## Exercise details
Produce a verbatim transcription of the records below, beginning at the line containing "Some of the text" and ending at the final line; include only those lines.

[Collected data]
<<<<
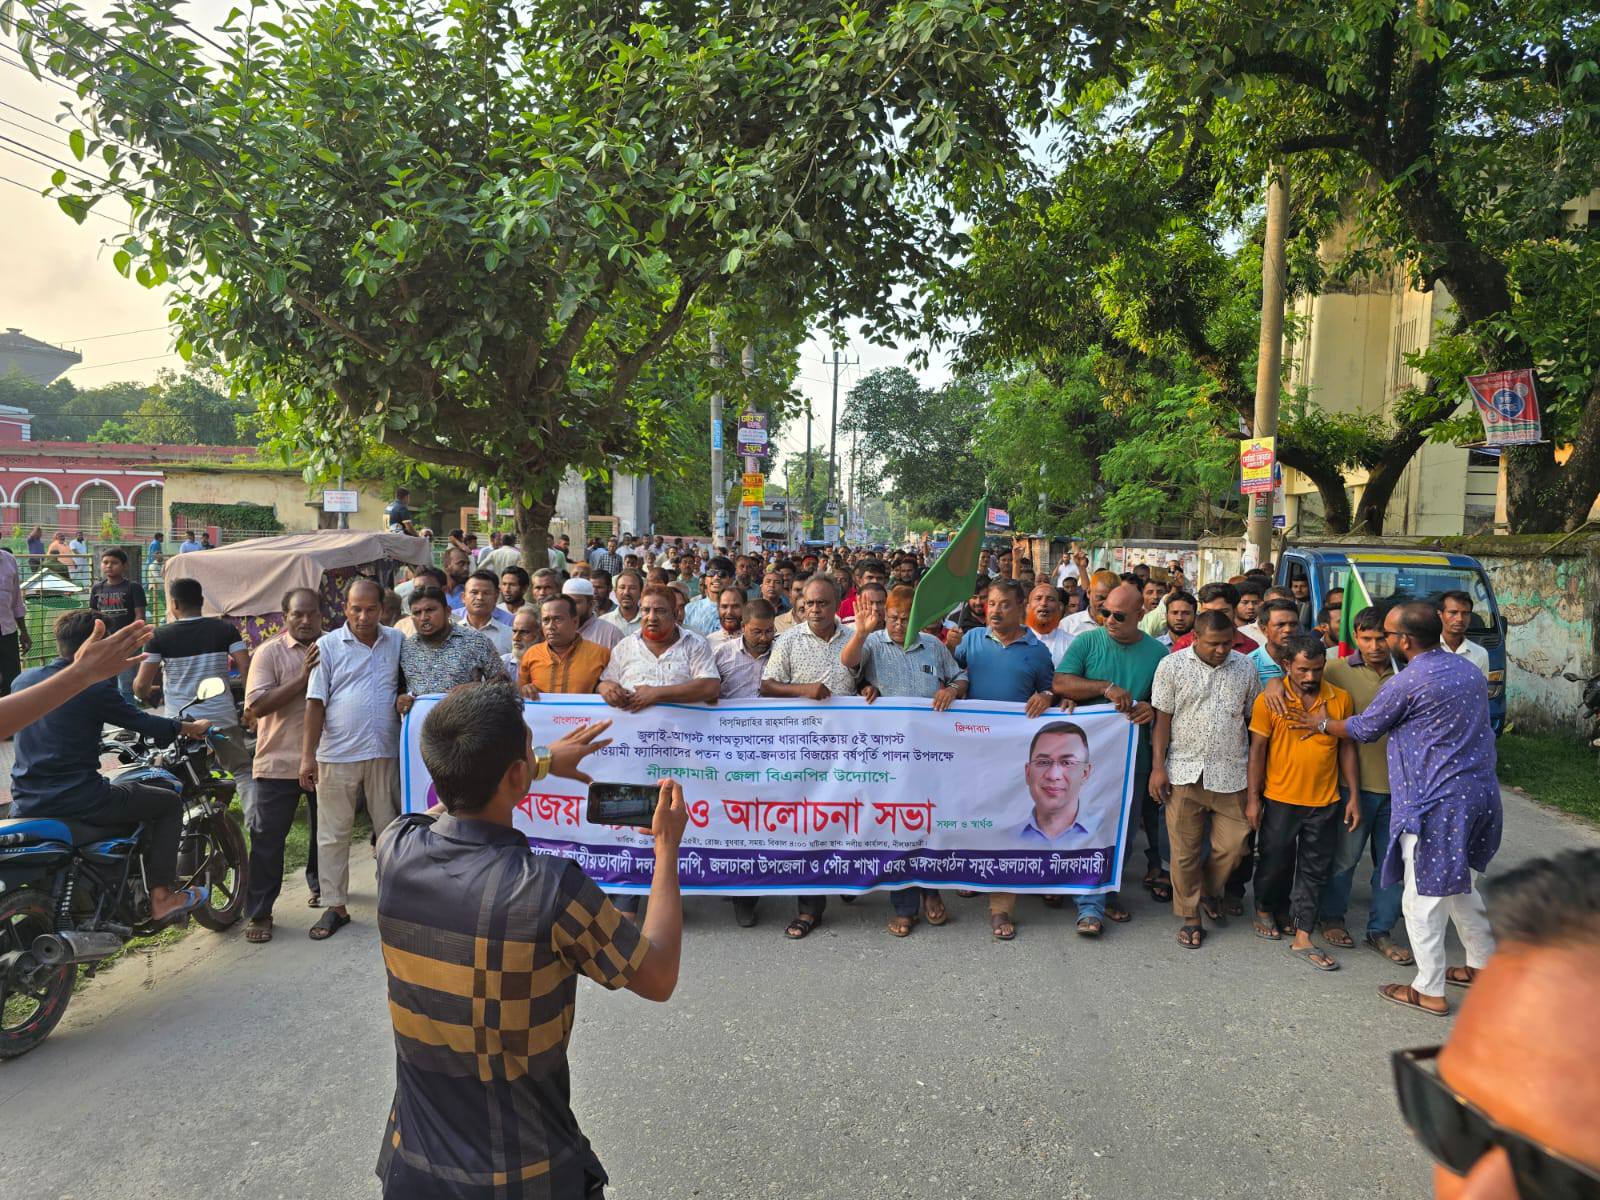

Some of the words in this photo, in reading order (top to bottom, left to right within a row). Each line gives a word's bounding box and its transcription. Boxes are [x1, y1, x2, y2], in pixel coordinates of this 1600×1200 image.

[552, 714, 592, 726] বাংলাদেশ
[955, 721, 990, 734] জিন্দাবাদ
[637, 728, 704, 744] জুলাই-আগস্ট
[779, 730, 848, 745] ধারাবাহিকতায়
[851, 731, 868, 745] ৫ই
[870, 732, 905, 745] আগস্ট
[634, 743, 691, 759] ফ্যাসিবাদের
[695, 749, 720, 761] পতন
[724, 751, 733, 760] ও
[736, 750, 797, 761] ছাত্র-জনতার
[800, 746, 840, 761] বিজয়ের
[842, 746, 880, 764] বর্ষপূর্তি
[882, 750, 910, 761] পালন
[913, 748, 955, 762] উপলক্ষে
[646, 763, 719, 781] নীলফামারী
[724, 769, 760, 783] জেলা
[766, 767, 829, 783] বিএনপির
[833, 768, 896, 784] উদ্যোগে-
[685, 799, 709, 828] ও
[720, 796, 864, 834] আলোচনা
[872, 797, 936, 835] সভা
[937, 818, 957, 830] সফল
[961, 820, 968, 829] ও
[709, 856, 754, 875] জলঢাকা
[758, 853, 806, 875] উপজেলা
[809, 862, 819, 874] ও
[823, 853, 850, 876] পৌর
[853, 856, 880, 876] শাখা
[883, 859, 906, 875] এবং
[909, 852, 966, 874] অঙ্গসংগঠন
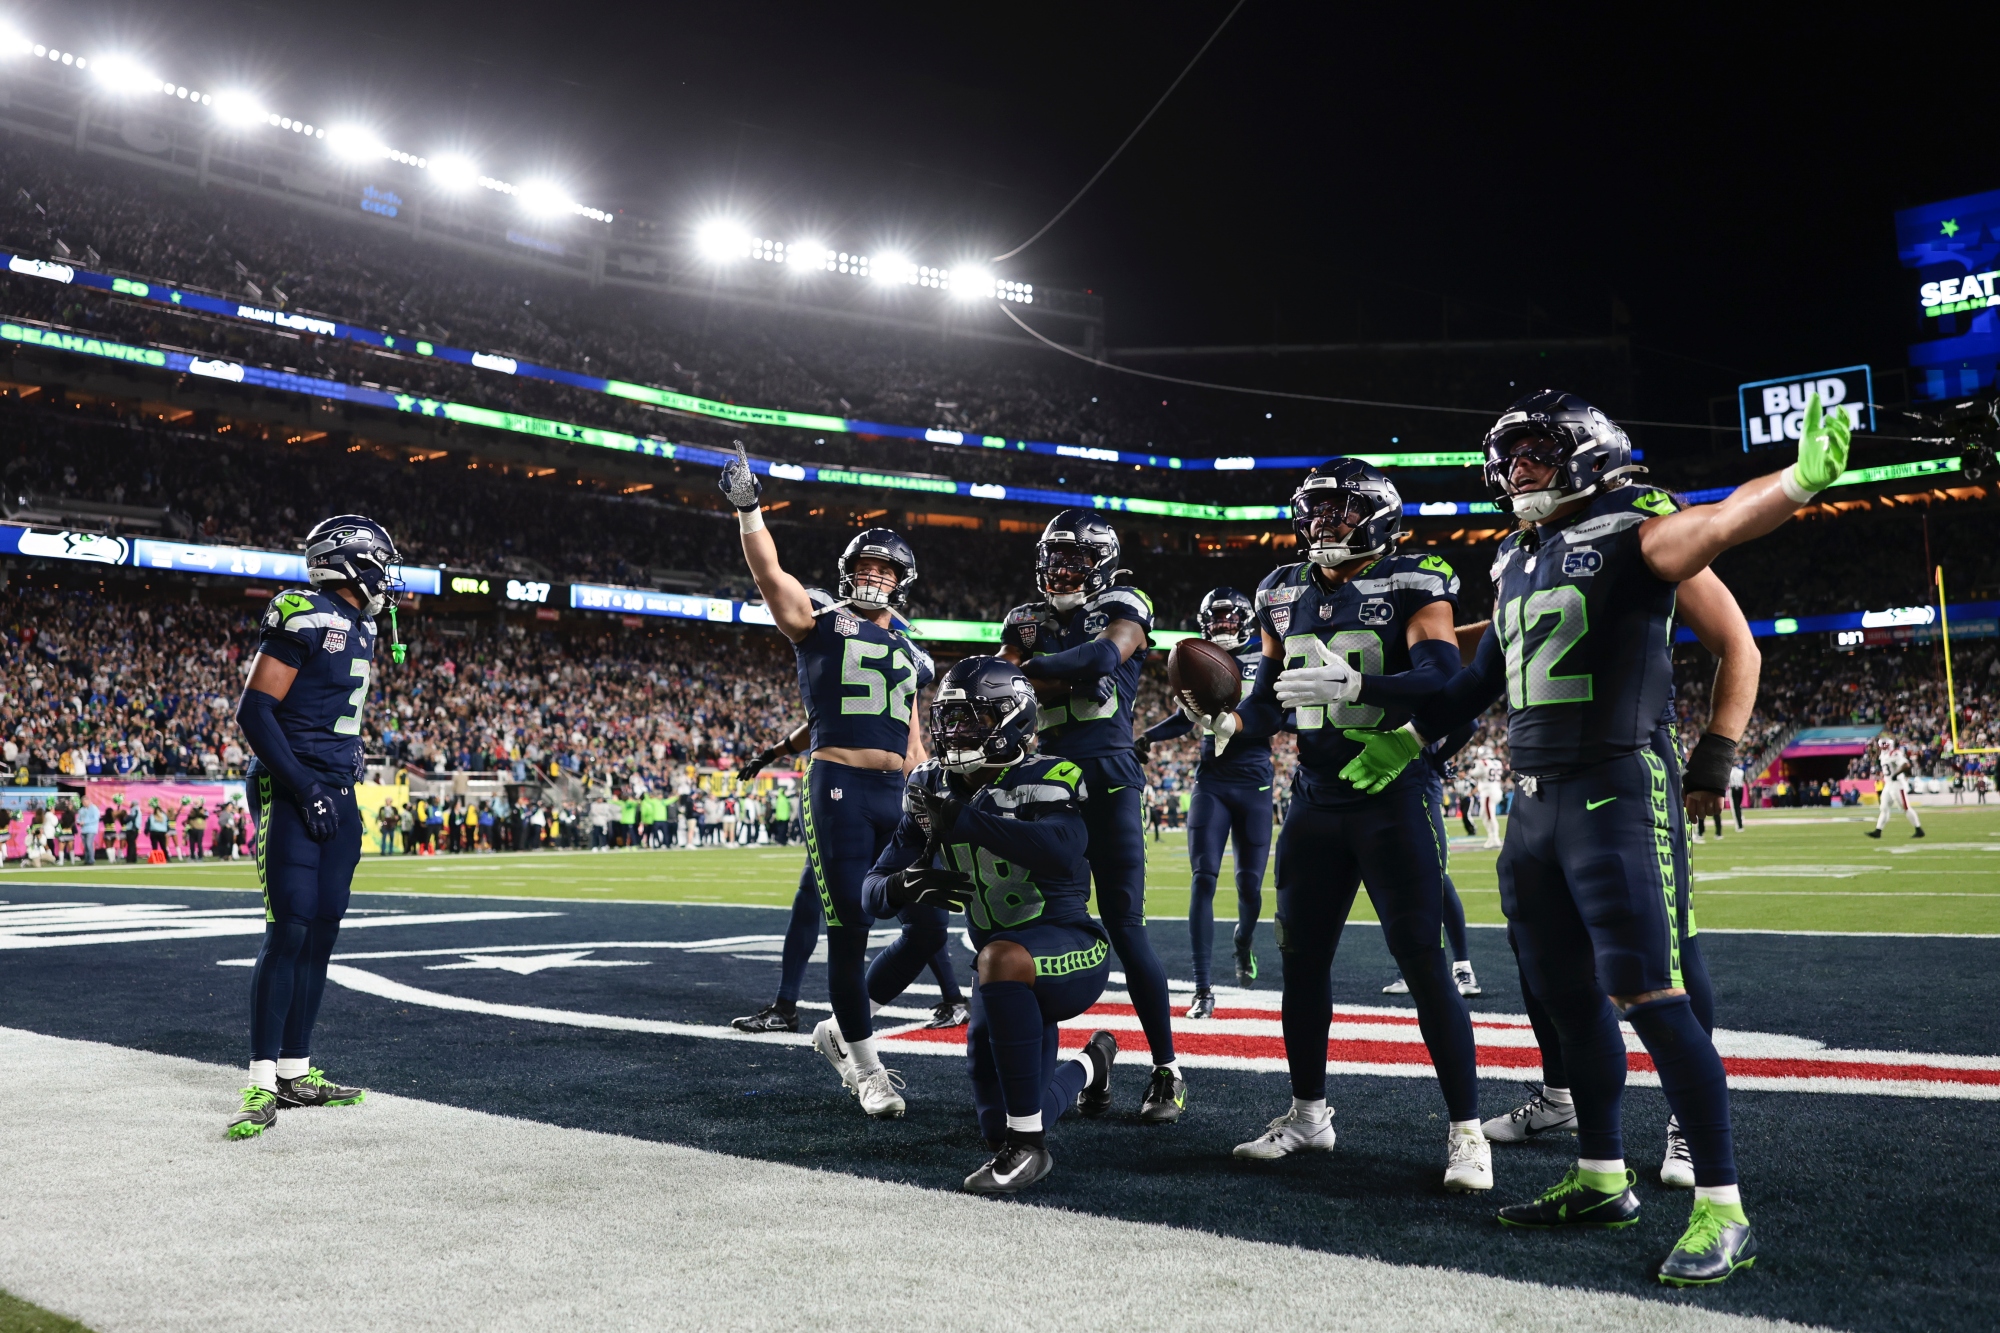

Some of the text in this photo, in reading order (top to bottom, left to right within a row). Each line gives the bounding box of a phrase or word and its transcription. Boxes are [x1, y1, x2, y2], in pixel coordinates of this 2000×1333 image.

[112, 278, 149, 297] 20
[1920, 270, 2000, 307] SEAT
[0, 323, 166, 367] SEAHAWKS
[1762, 377, 1847, 416] BUD
[1749, 402, 1864, 446] LIGT
[818, 469, 957, 494] SEATTLE SEAHAWKS
[1574, 522, 1611, 535] SEAHAWKS
[231, 552, 262, 575] 19
[1564, 551, 1602, 574] 50
[452, 577, 490, 595] QTR 4
[506, 580, 551, 603] 8:37
[582, 589, 612, 608] 1ST
[623, 592, 644, 611] 10
[838, 616, 857, 627] USA
[1085, 614, 1109, 632] 50
[1272, 610, 1288, 619] USA
[1360, 602, 1393, 622] 50
[328, 632, 344, 640] USA
[1020, 627, 1035, 635] USA
[324, 641, 344, 649] 250
[841, 638, 918, 726] 52
[1283, 630, 1386, 730] 20
[333, 658, 371, 736] 3
>>>>
## Expected output
Some of the text in this photo, in reading order (top to bottom, left to right within a row). Each line gives the bounding box of a phrase or word and its transcription. Boxes are [x1, y1, x2, y2], in pixel coordinates of this 2000×1333 image.

[112, 278, 149, 297] 20
[1920, 270, 2000, 307] SEAT
[0, 323, 166, 367] SEAHAWKS
[1762, 377, 1847, 416] BUD
[1749, 402, 1864, 446] LIGT
[818, 469, 957, 494] SEATTLE SEAHAWKS
[1574, 522, 1611, 535] SEAHAWKS
[231, 552, 262, 575] 19
[1564, 551, 1602, 574] 50
[452, 577, 490, 595] QTR 4
[506, 580, 551, 603] 8:37
[582, 589, 612, 608] 1ST
[623, 592, 644, 611] 10
[838, 616, 857, 627] USA
[1085, 614, 1109, 632] 50
[1272, 610, 1288, 619] USA
[1360, 602, 1393, 622] 50
[328, 632, 344, 640] USA
[1020, 627, 1035, 635] USA
[324, 641, 344, 649] 250
[841, 638, 918, 726] 52
[1283, 630, 1386, 730] 20
[333, 658, 371, 736] 3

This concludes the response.